_What is needed_
To complete this task, print all the data below exactly but leave out the images.

(Saved entries)
------------------------------------------------------------
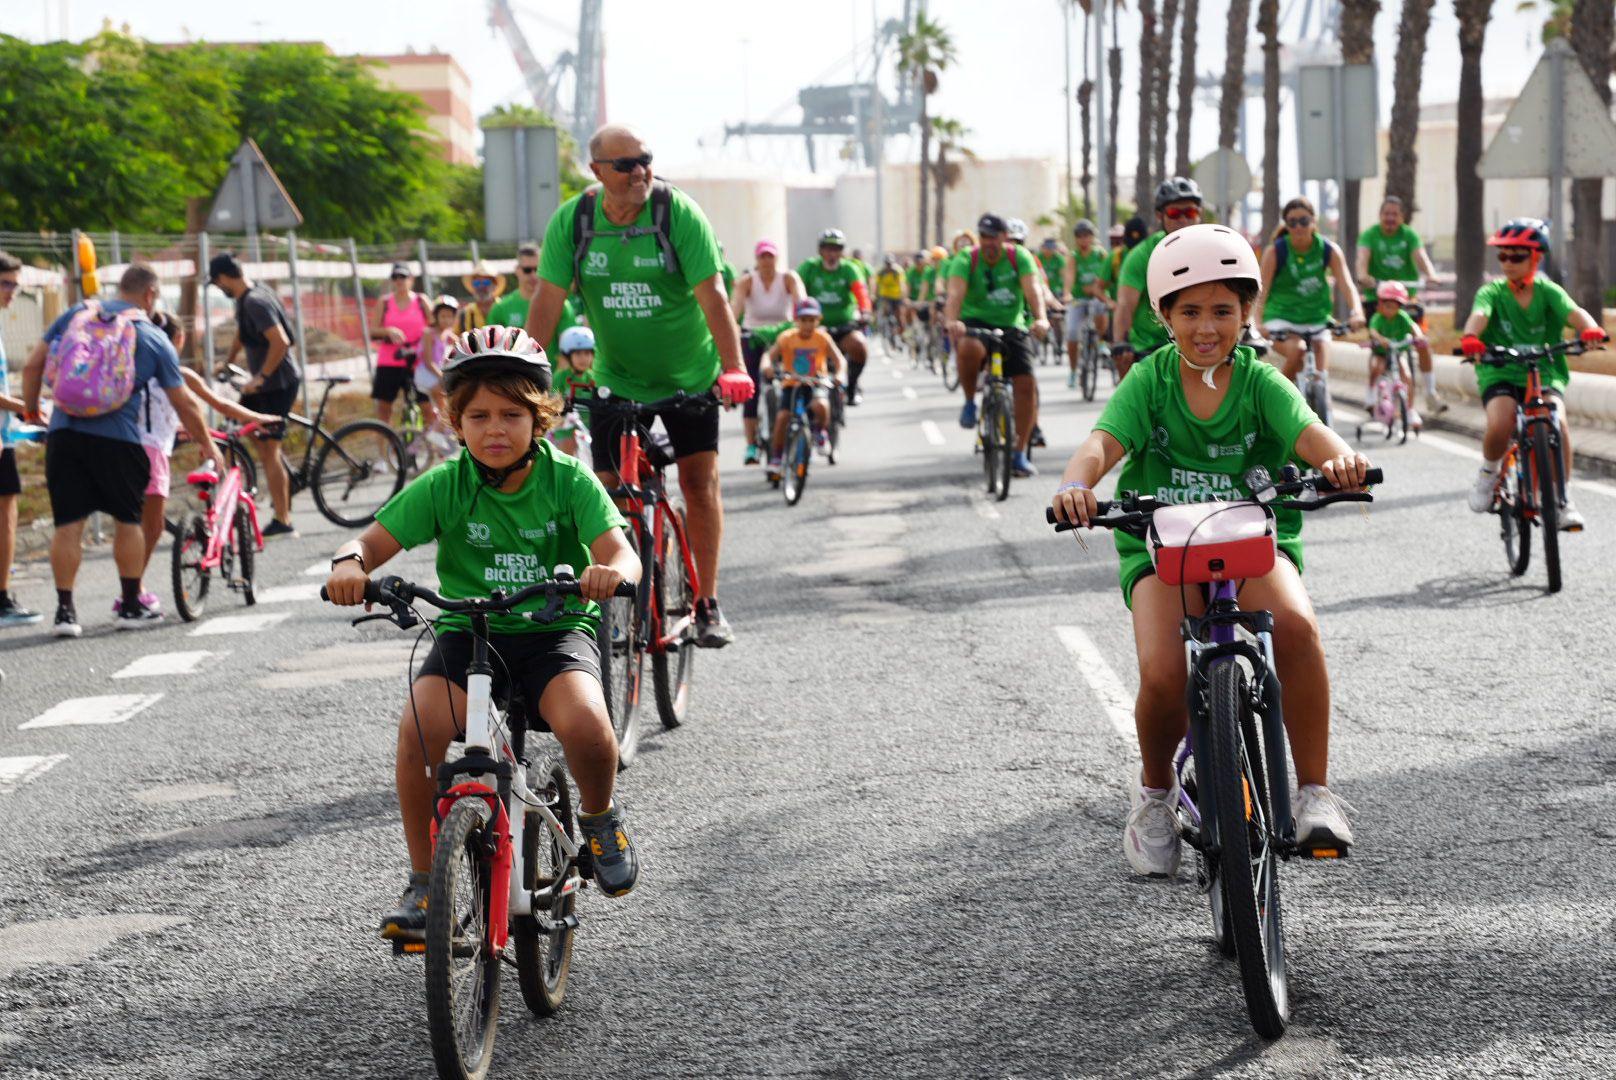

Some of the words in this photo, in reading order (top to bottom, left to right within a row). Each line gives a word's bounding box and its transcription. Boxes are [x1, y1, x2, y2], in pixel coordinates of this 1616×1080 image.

[587, 251, 608, 268] 30
[610, 282, 651, 295] FIESTA
[603, 295, 662, 309] BICICLETA
[1171, 467, 1232, 489] FIESTA
[467, 522, 490, 540] 30
[494, 553, 538, 567] FIESTA
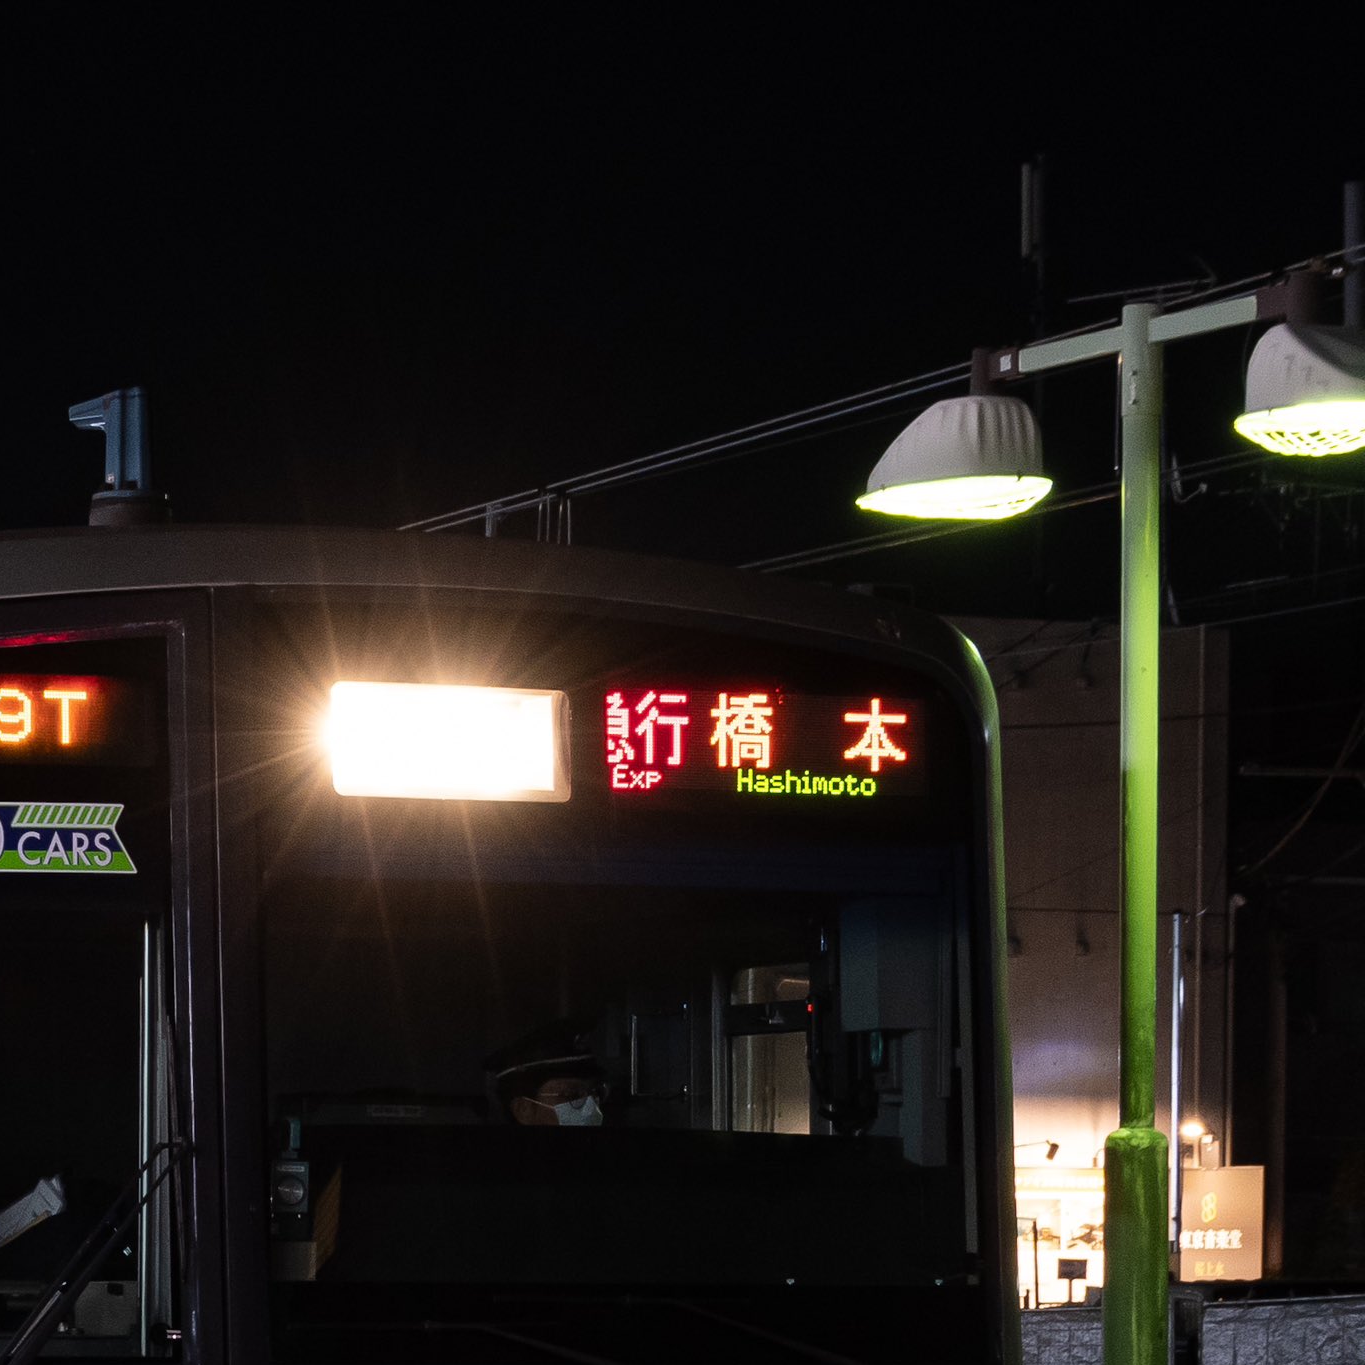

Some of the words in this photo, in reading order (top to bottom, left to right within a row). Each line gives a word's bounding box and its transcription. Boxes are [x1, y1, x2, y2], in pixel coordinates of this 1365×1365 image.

[612, 764, 662, 789] Exp
[736, 769, 877, 796] Hashimoto
[17, 831, 113, 867] CARS
------------------------------------------------------------
_Written solution_
Some of the words in this photo, in reading order (top to bottom, left to right within a row). Each line gives a word's bounding box and its transcription. Boxes are [x1, y1, x2, y2], in pixel coordinates of this 1616×1080 image.

[587, 251, 608, 268] 30
[610, 282, 651, 295] FIESTA
[603, 295, 662, 309] BICICLETA
[1171, 467, 1232, 489] FIESTA
[467, 522, 490, 540] 30
[494, 553, 538, 567] FIESTA

Some of the words in this photo, in reading order (top to bottom, left to right within a row). Each line gives a word's bounding box and its transcription. Boxes are [x1, y1, x2, y2], in pixel coordinates of this 1365×1365 image.

[612, 764, 662, 789] Exp
[736, 769, 877, 796] Hashimoto
[17, 831, 113, 867] CARS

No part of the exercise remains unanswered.